=== Section Start ===

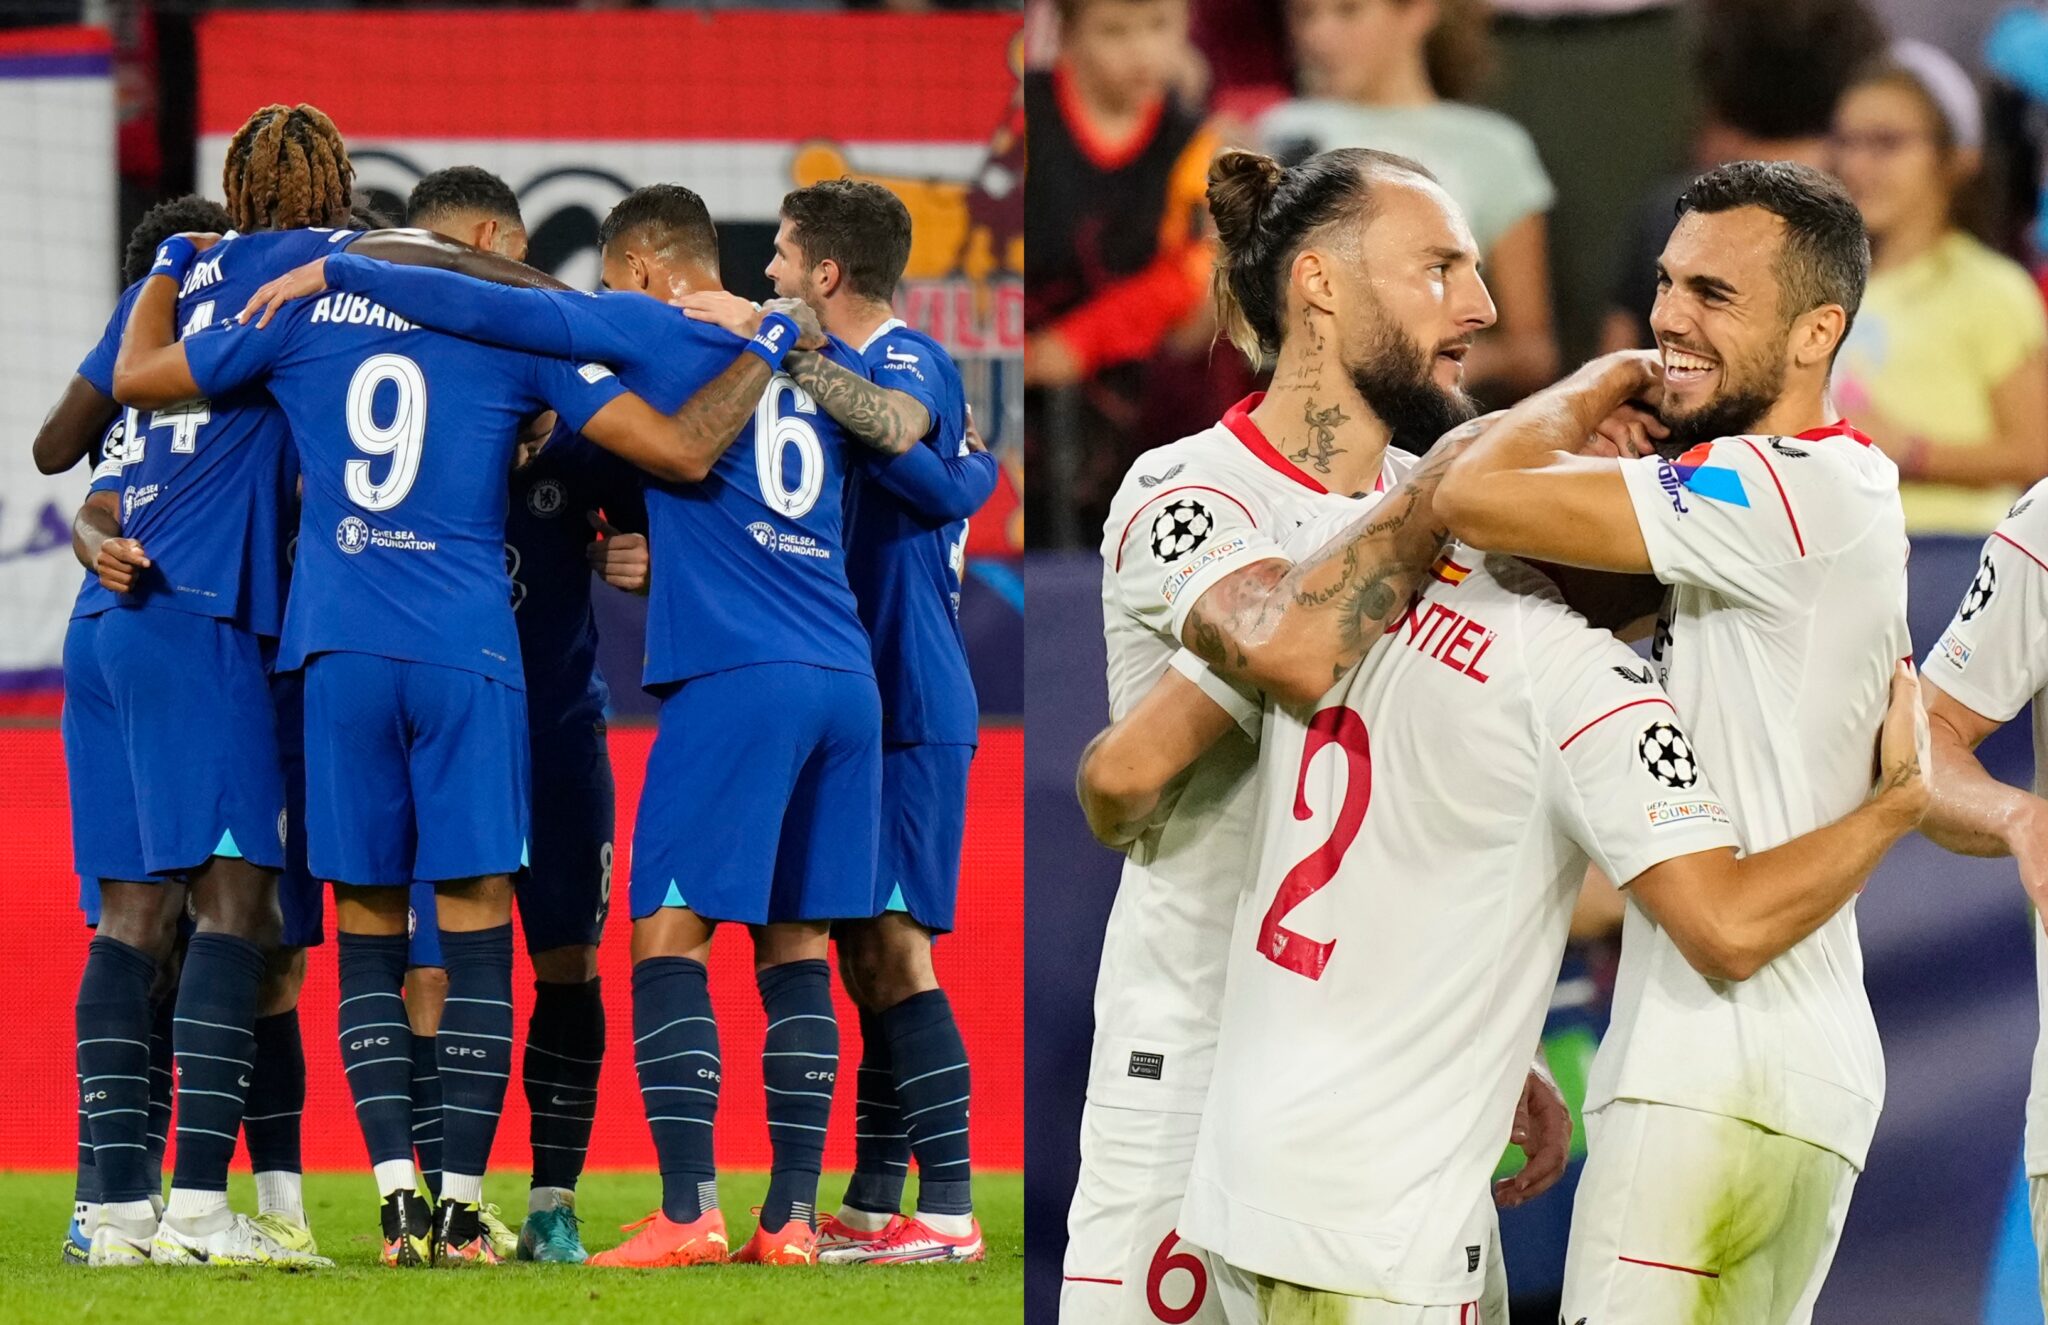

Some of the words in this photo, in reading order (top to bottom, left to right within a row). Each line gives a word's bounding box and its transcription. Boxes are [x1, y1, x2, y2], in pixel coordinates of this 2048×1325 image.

[344, 353, 428, 512] 9
[755, 373, 824, 520] 6
[371, 528, 416, 541] CHELSEA
[778, 533, 816, 547] CHELSEA
[370, 537, 437, 551] FOUNDATION
[778, 543, 831, 560] FOUNDATION
[1164, 539, 1245, 604] FOUNDATION
[1384, 590, 1498, 684] NTIEL
[1256, 705, 1372, 981] 2
[600, 841, 614, 905] 8
[350, 1036, 390, 1050] CFC
[445, 1046, 487, 1058] CFC
[804, 1071, 835, 1082] CFC
[84, 1090, 108, 1103] CFC
[1146, 1227, 1208, 1325] 6

=== Section End ===

Return every entry above exactly as written, minus the pictures.

[Answer for this exercise]
Some of the words in this photo, in reading order (top to bottom, left to right within a row). Each line gives a word's bounding box and its transcription. Boxes are [x1, y1, x2, y2], in pixel coordinates of this 2048×1325 image.

[344, 353, 428, 512] 9
[755, 373, 824, 520] 6
[371, 528, 416, 541] CHELSEA
[778, 533, 816, 547] CHELSEA
[370, 537, 437, 551] FOUNDATION
[778, 543, 831, 560] FOUNDATION
[1164, 539, 1245, 604] FOUNDATION
[1384, 590, 1498, 684] NTIEL
[1256, 705, 1372, 981] 2
[600, 841, 614, 905] 8
[350, 1036, 390, 1050] CFC
[445, 1046, 487, 1058] CFC
[804, 1071, 835, 1082] CFC
[84, 1090, 108, 1103] CFC
[1146, 1227, 1208, 1325] 6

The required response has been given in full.